Additionally having the option for two way communication through text is a massive advantage for all sorts of reasons.

Satellite phones and radios offer the benefit of real time conversations. Sat phones are a great option for huts and sailing trips or extended expeditions. Both UHF radios and satellite phones can have connectivity issues. Satellite phones can experience huge connection delays and also lose reception randomly and radios need the proper repeaters and channels that, technically, permission or license to use is required. Also of consideration. satellite phones and communicators require a clear view of the sky and most notably the southern aspects. And the biggest benefit Spot, inReach or Zoleo can be left to send out the call for help un attended as it continually searches for its signal, eventually sending out the SOS (all of these systems are subject to network failure and dropped signals -be sure to confirm the delivery of the signal). Each one these tools will have a set of steps to turn them on, select the function required and destination contacts entered or selected. If your the only one in the party who knows how to do this it may be a problem. Most definitely a reference guide should be attached to the unit with a list of "if and when" contacts. In the case of the inReach that utilizes a phone for ease of two way communication consider adding information of how to unlock the attached phone and where to find the application. And finally, lets make sure that they are fully charged and that there are options for recharging them. My communications kits is separate and is stand alone. It contains two options for transmitting (radio and inReach-with phone), back up battery pack and user guides (laminated).


Bear spray and wild life deterrents: A consideration for most outings. Typically I keep these things in a common bag where anyone can access them. And honestly I DO practice deploying bear spray, bear bangers and flares. I'm sure I don't have to tell the reader to be careful here. I take no responsibility for readers who cant tell wind direction.


Repair kits: I believe they are worth a mention here. Managing disaster = disaster has struck. Disaster may have involved the thing you are traveling on, raft, canoe, bike, skis etc. This is where a small injury can be compounded by extended time exposed because you cannot continue on. A timely repair is legendary story.


Mechanical advantage: In the river world we practice using ropes to un-pin a boat, wright heavy raft or tension a line. Pin/wrap/4-3-2-1: these kits can be diverse relative to the type of the craft you are traveling in or how comfortable the operator is. The best advise here is make sure the the equipment is compatible. Practice with the set up so that your confident with it all Ensure that the friction device is capable of acting on the haul line and the pulleys work well with the haul line. Also that your break or progress capture is compatible with the pulley that is managing it.

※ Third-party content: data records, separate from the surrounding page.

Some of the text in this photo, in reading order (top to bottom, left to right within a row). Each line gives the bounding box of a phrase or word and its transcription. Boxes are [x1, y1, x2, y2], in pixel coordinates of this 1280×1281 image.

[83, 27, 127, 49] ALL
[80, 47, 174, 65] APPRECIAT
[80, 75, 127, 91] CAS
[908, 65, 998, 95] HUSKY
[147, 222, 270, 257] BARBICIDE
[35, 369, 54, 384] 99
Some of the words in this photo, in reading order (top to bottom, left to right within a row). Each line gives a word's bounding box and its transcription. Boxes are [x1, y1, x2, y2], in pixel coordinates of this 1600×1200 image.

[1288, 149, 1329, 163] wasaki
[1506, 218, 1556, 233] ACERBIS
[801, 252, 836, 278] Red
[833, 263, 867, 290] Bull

Consider the anchor material you are using and if it’s appropriate for the options for anchors in the area. And finally, have an understanding of the material breaking strengths in the system and what it’s limitations or hazards will be.



This is an overview and by definition there are details left out. Each of these kits as mentioned, have specific standard items. They should all be considered group gear and in that, the group should know where they are kept and how they are labeled. Many successful leaders keep their world simplified with the basic concept that if they were to disappear someone could step into their shoes and complete current tasks. Although it is mentioned but possibly not emphasized enough, there is incredible value in using refence material. This includes medical field guides, instructions for using your communications (including passwords to unlock phones and emergency contact numbers), pre-determined evac sites and LZ's and also step by step guidelines/algorithms for emergent situations. Finally, the best policy is prevention. Identifying hazards and mitigating them before disaster strikes.